Broad privacy regulation could also stifle the development of new and competitive services to challenge currently dominant firms in the technology sector. For example, research shows that since the incorporation of the GDPR in Europe, there has been an increase in market concentration in web technology services, with Google gaining more than four times the market share of the next closest company, Facebook.[25] In fact, following the introduction of the GDPR, the number of new apps and technology firms fell by 47.2 percent, creating a “lost generation” of available apps.[26] This decline can be traced directly to the GDPR: Europe has seen a decrease in the use of third-party domain services that help track and collect data on users,[27] and instead, firms have kept data remains siloed in one organization. This puts new entrants and smaller firms at a potential disadvantage due to their lack of access to user data.[28] As a result, European consumers, and indeed consumers across the globe, lose out on the benefits that can come with disruptive innovation in the technology sector.

If the Commission were to adopt rules that take guidance from the framework of the GDPR, it may reduce competition, harm new entrants and innovation, and limit the consumer benefits technology services provide. The statute clearly requires that the Commission balance the potential harms to consumers against the benefits of these practices, and broad privacy regulations modeled after regimes like the GDPR would curtail many of the benefits outlined above.

C.       The Commission has alternative tools for enforcement that adequately protect consumers from unfair or deceptive practices regarding the collection and use of user data.

As required by law, the FTC must seek feedback and consider alternative methods for achieving the objectives laid out in the ANPRM. According to the Commission, case-by-case enforcement of unfair and deceptive acts or practices falls short for four reasons: 1.) a lack of civil penalty authority for initial violations; 2.) injunctive relief may be inadequate in the context of privacy; 3.) difficulty in applying monetary damages to privacy harms; and 4.) the Commission’s lack of resources necessary to adequately protect consumers.[29] None of these reasons adequately justifies broad privacy rules.

First, while the FTC lacks civil penalty authority for first-time violations, it can still use injunctive relief through case-by-case adjudication to highlight the types of conduct that could lead to FTC enforcement.[30] Firms do not want to come under investigation by the FTC, as an investigation (especially one where guilt is found) can produce reputational harms for the firm. As the FTC, through case-by-case adjudication, lays out clear practices that violate Section 5, firms are less likely to engage in those practices, ultimately limiting the risk of significant harm to consumers.[31]

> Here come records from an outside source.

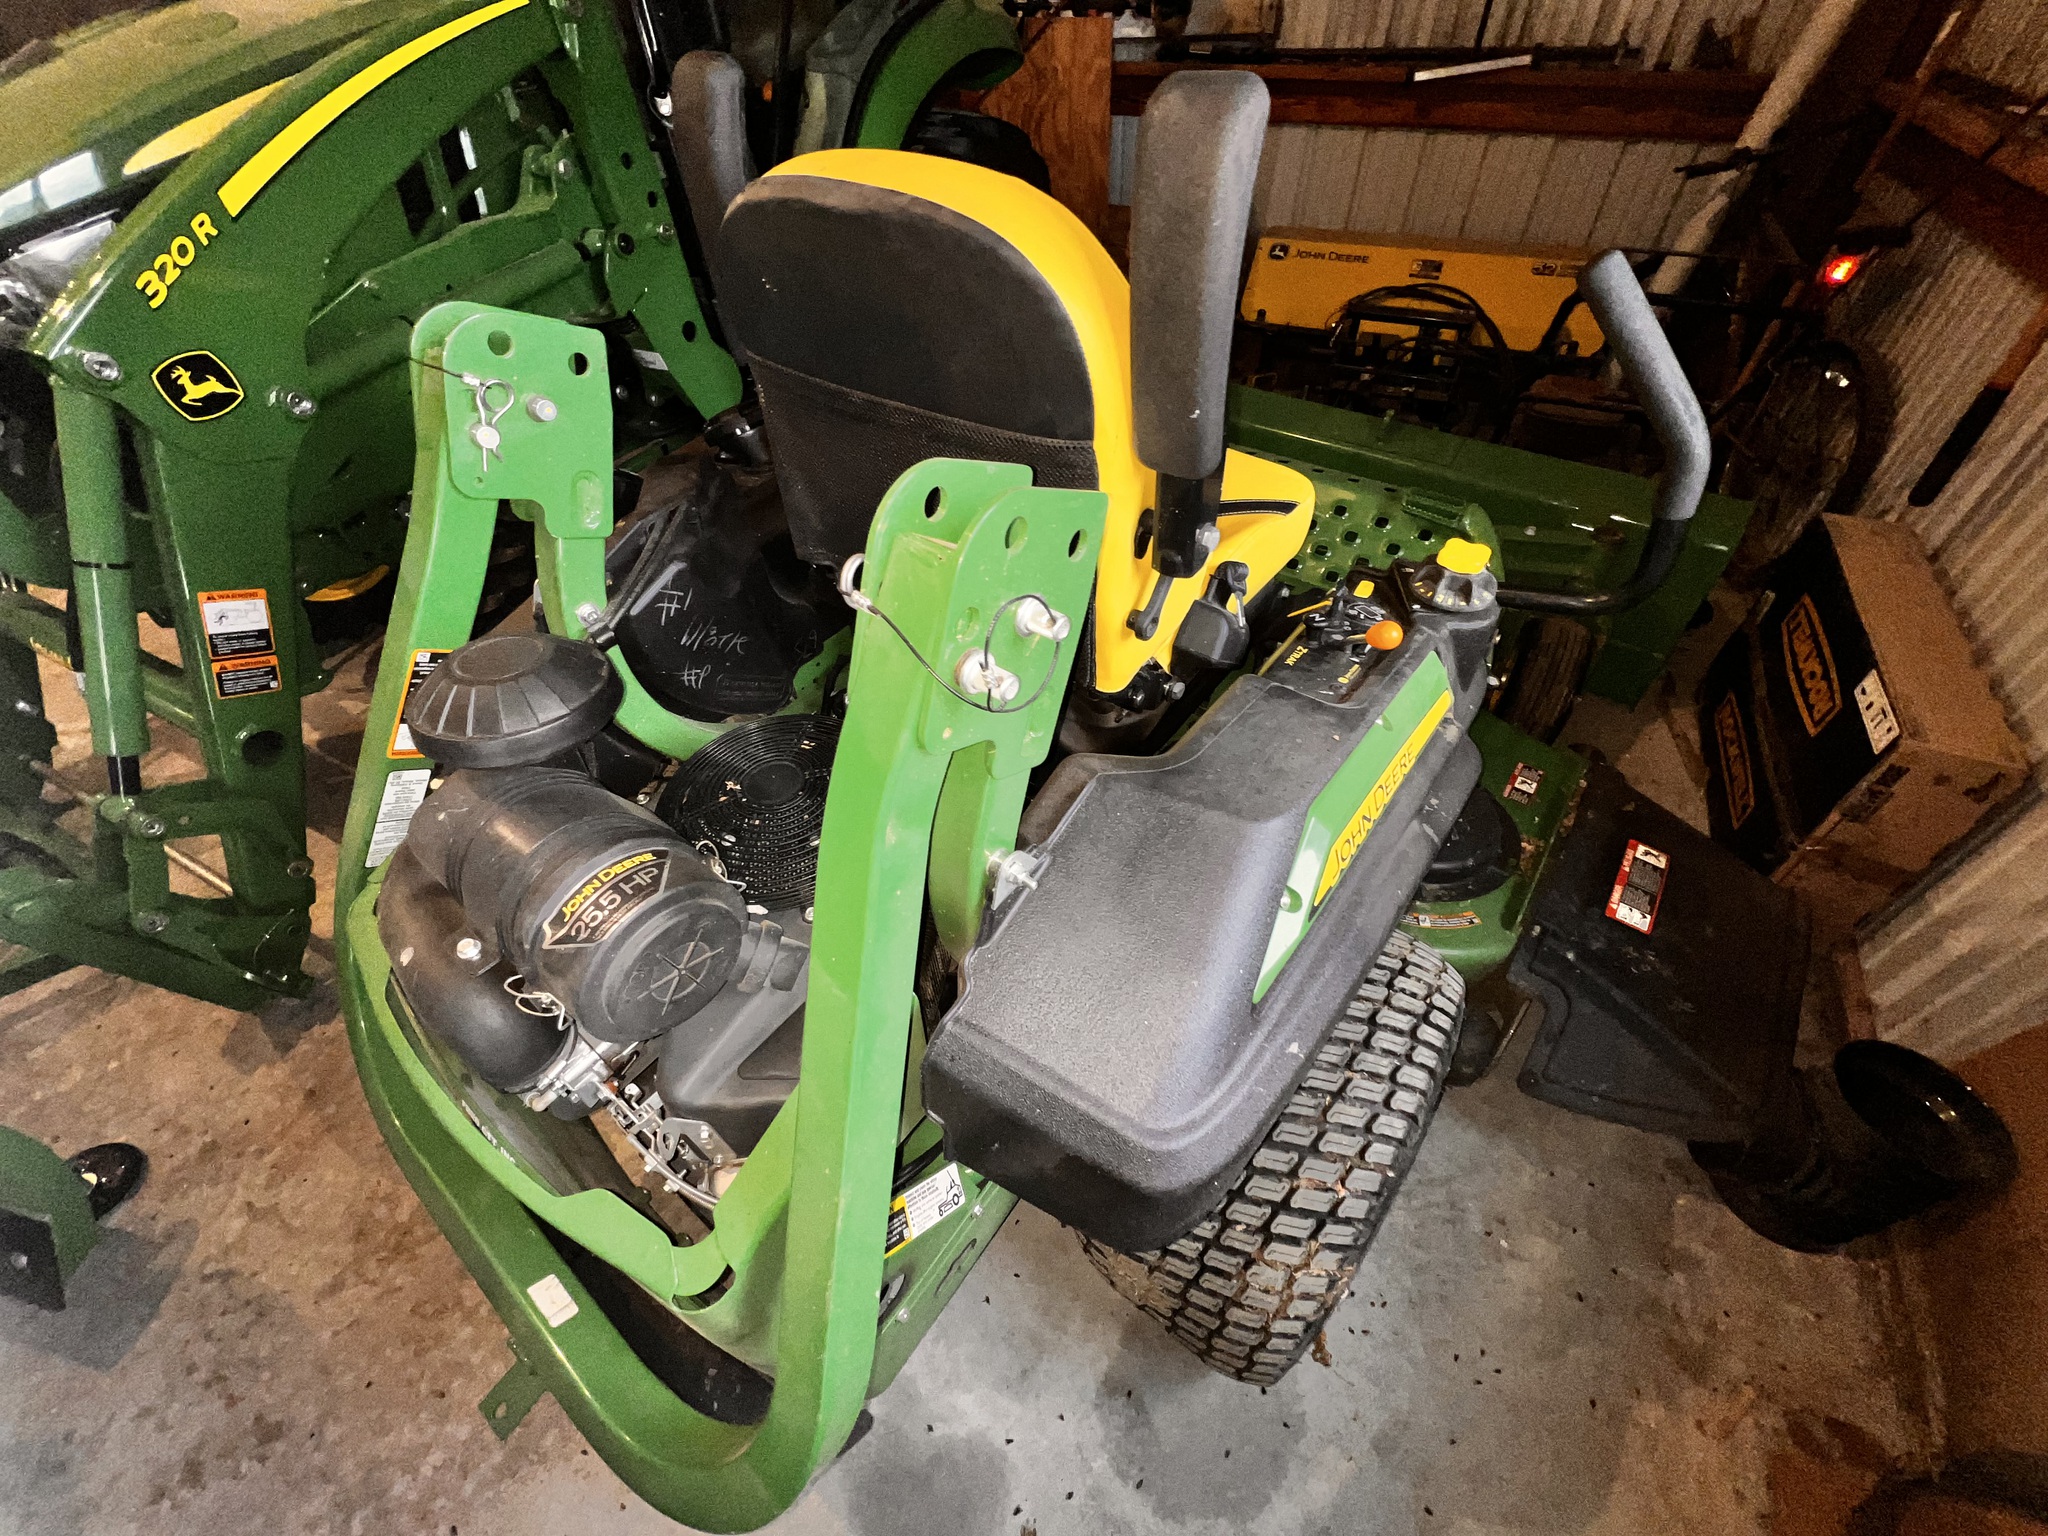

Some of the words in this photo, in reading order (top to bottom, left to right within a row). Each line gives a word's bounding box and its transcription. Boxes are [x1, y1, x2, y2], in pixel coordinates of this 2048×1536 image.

[135, 235, 196, 309] 320
[190, 212, 219, 247] R
[1293, 248, 1327, 261] JOHN
[1328, 251, 1370, 264] DEERE
[1332, 805, 1373, 881] JOHN
[1373, 743, 1417, 812] DEERE
[562, 878, 602, 923] JOHN
[598, 852, 657, 883] DEERE
[571, 889, 622, 942] 25.5
[618, 866, 659, 895] HP
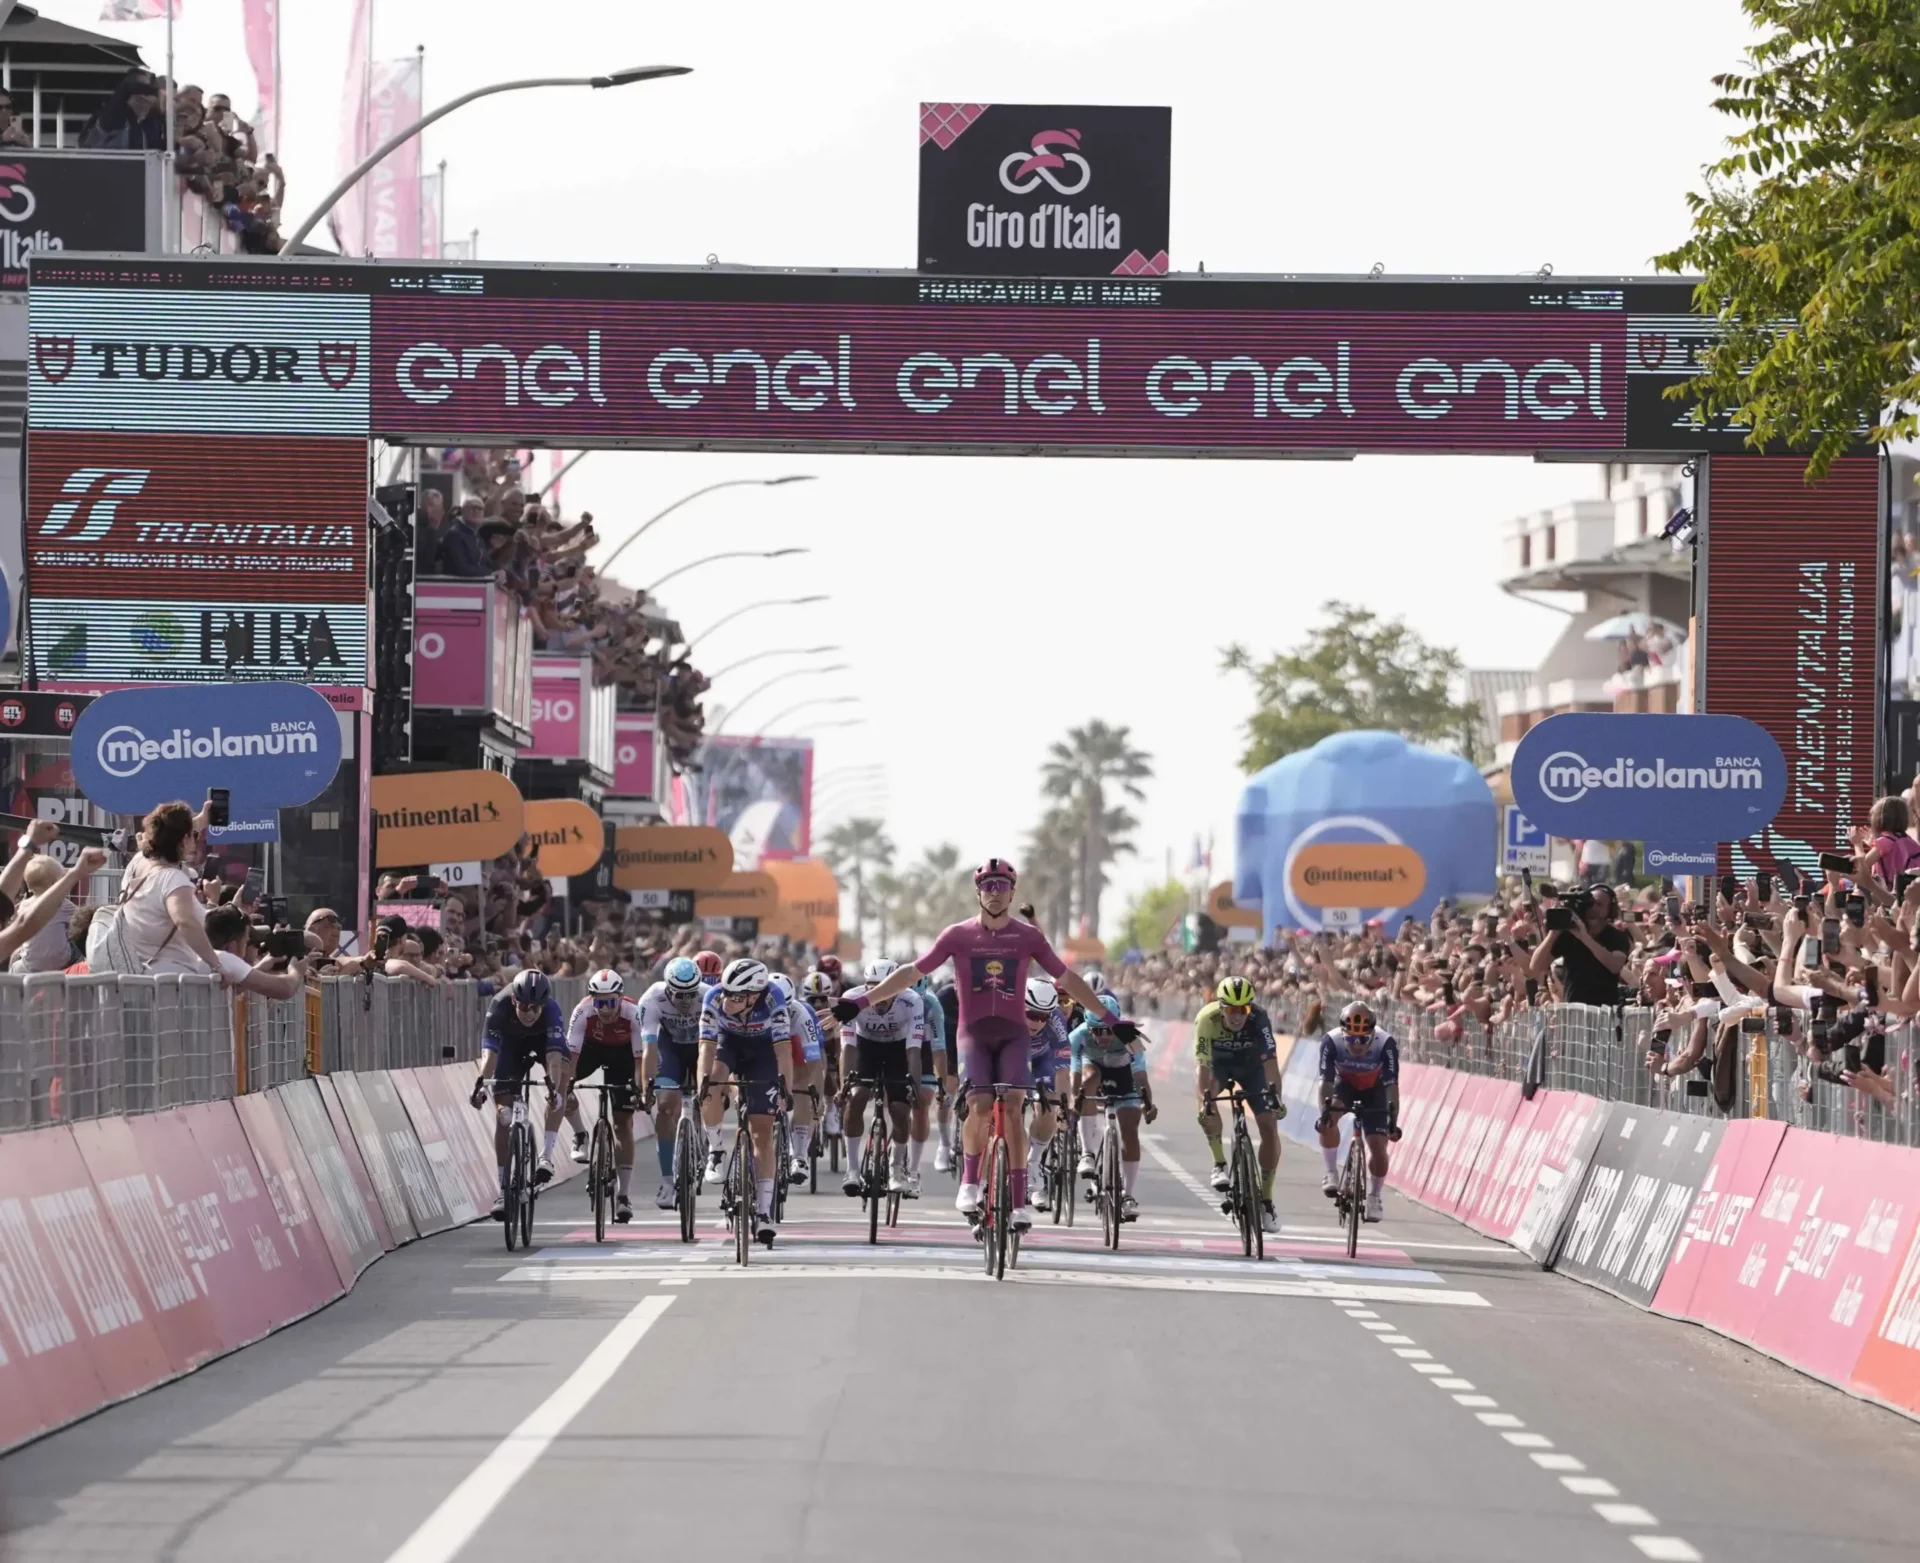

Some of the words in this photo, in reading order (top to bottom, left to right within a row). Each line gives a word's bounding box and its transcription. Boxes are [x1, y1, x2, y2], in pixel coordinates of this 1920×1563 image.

Second, the Commission is right that injunctive relief doesn’t provide remediation for consumers harmed by lax data security practices, but such relief does, to some degree, prevent potential future harms by laying out the specific practices that violate the act. The purpose of Section 5 is to protect consumers from unfair or deceptive acts or practices, and the robust record of FTC privacy enforcement suggests that consumers are being protected from significant injury.[32]

Third, the Commission is right that it can be difficult to quantify privacy harms, but that further indicates the need for Congress to establish a national privacy framework. Congress clearly expressed skepticism about FTC rulemaking, and the agency doesn’t have carte blanche to issue rules untethered from an analysis of the actual harm to consumers.[33] While quantifying harm can be difficult, it is not impossible, and when a firm violates a consent decree, the Commission can seek monetary damages to punish the bad actor. If the Commission needs additional authority, Congress should give clear guidance on how the FTC should see monetary damages for specific conduct.

Finally, many have called for additional resources for the agency to better protect consumer privacy. If the Commission needs additional resources to investigate practices and bring claims, Congress should grant the agency those resources. In fact, there has been discussion in Congress about increasing FTC resources through updates to the merger filing fees.[34] Yet a lack of resources doesn’t give the agency authority to substantively change the legal standards for Section 5 violations.

D.      The major questions doctrine puts the onus on Congress to develop a comprehensive privacy regulation.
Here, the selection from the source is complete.